I wake up and I don't know what surprises me more- the clock or the calendar. It is now October, which means that summer is over. That makes two. Two summers without you and can feel time putting dust over my bruises. It is lessening my pain, but I resist it. I am annoyed that the time is passing and creating the distance between where I am and where we were. Then .
The beachhouse. The drive-in movies. The Escort from hell. (Windows fogged and handles that would not roll down). Greasy onion rings that you held on eight fingers- Go ahead, count!"

But it fades, like the ten minutes I just put on snooze- it does not pause, like my forgetful VCR. It is the opposite of that- it races ahead- ahead of me, and my memories and how I want things to be, how I want them to stay.

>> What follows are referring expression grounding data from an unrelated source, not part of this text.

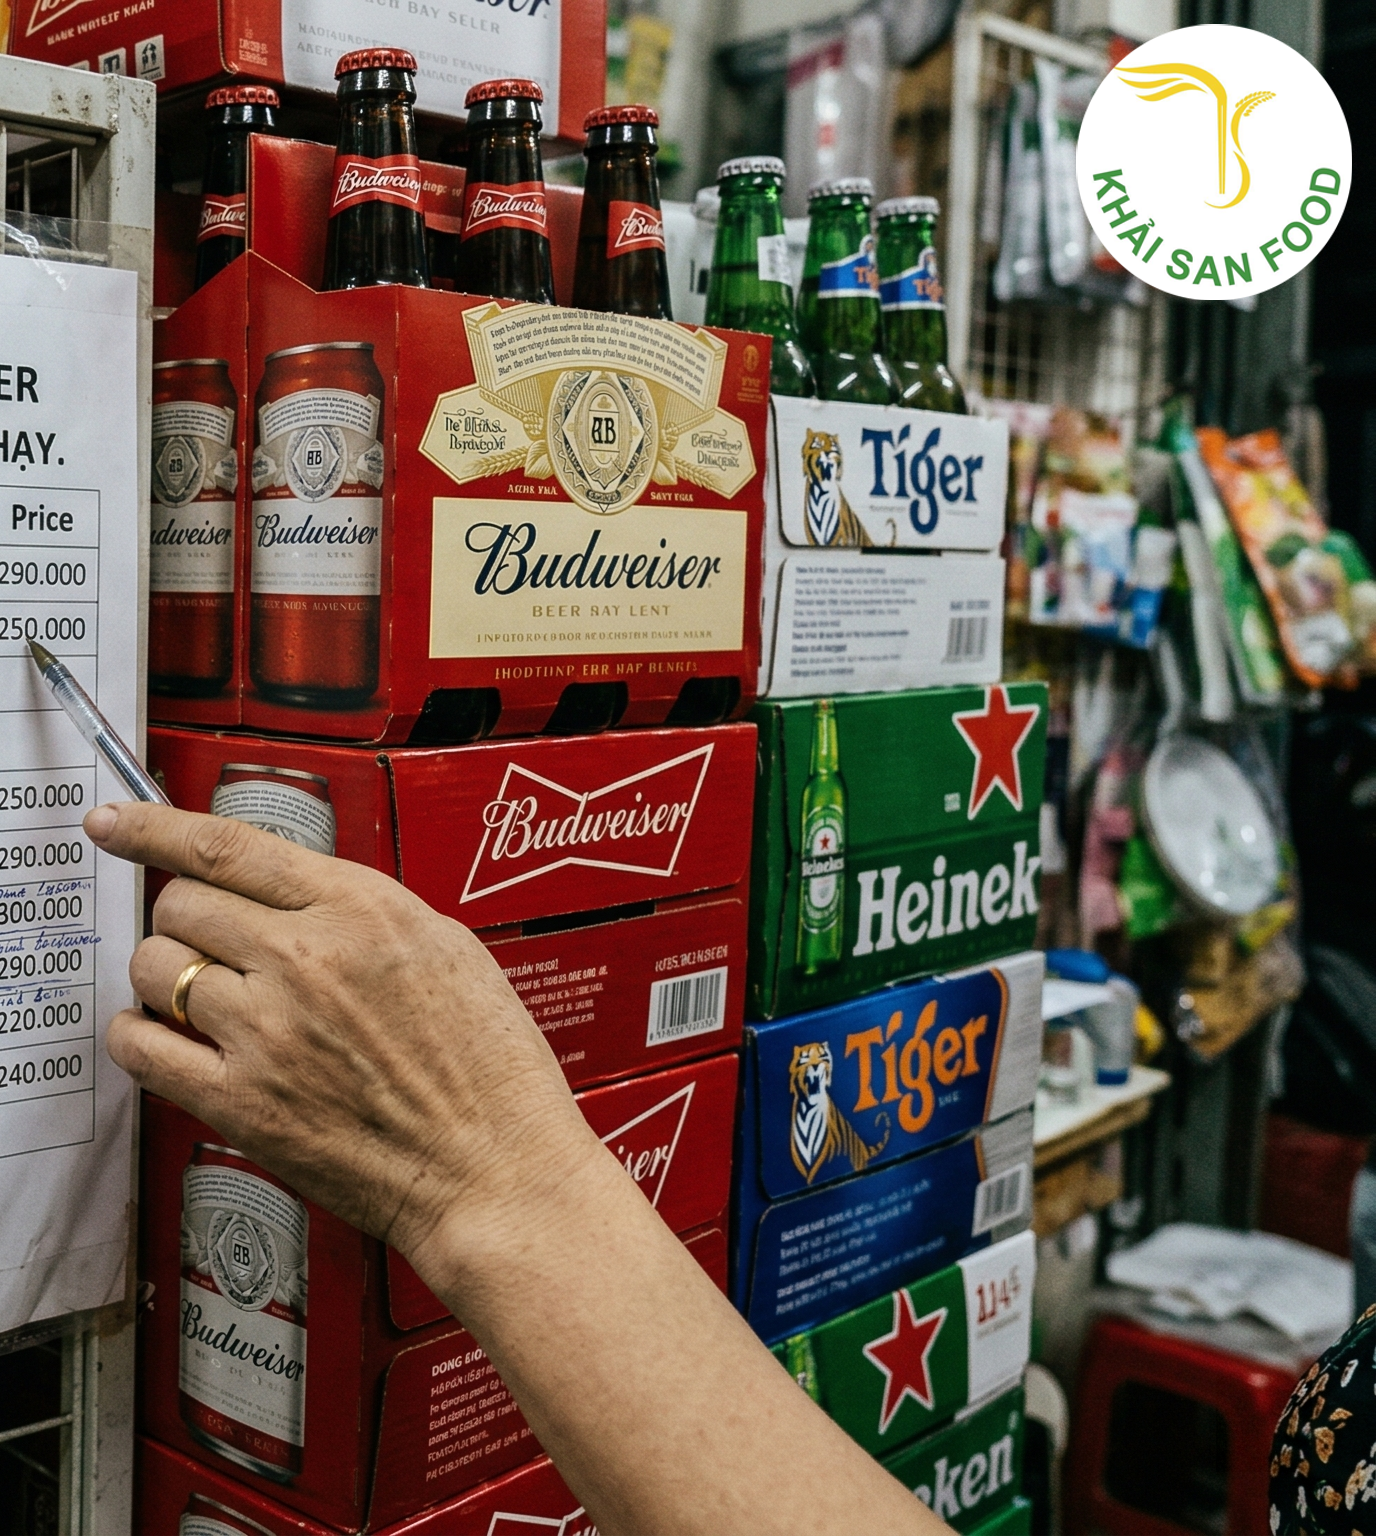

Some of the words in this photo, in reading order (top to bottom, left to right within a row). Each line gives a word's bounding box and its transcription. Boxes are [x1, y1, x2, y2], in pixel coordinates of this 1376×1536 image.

[860, 424, 984, 535] Tiger
[11, 503, 74, 533] Price
[255, 513, 380, 548] Budweiser
[465, 522, 721, 596] Budweiser
[532, 605, 581, 617] BEER
[629, 604, 672, 617] LENT
[482, 791, 690, 861] Budweiser
[852, 840, 1042, 957] Heinek
[844, 1000, 988, 1134] Tiger
[180, 1297, 305, 1382] Budweiser

More time, another 6 minutes spent in bed staring at red numerals, clicking away another morning I should be working, or studying or giving the appearance of life. I am going to have a hard time, I guess, explaining this next year- where this time went, how to account for the absence of life- this absence of things . I don't know what I have been doing with myself, other than waiting for the memory of you to slide away and get lost with the time I have been shredding. We lose weeks like buttons, like pencils. We have more than enough, until someone calls and we search frantically to take a message-

It was right here!

We have more than enough, until we have none and then we have nothing. All gone.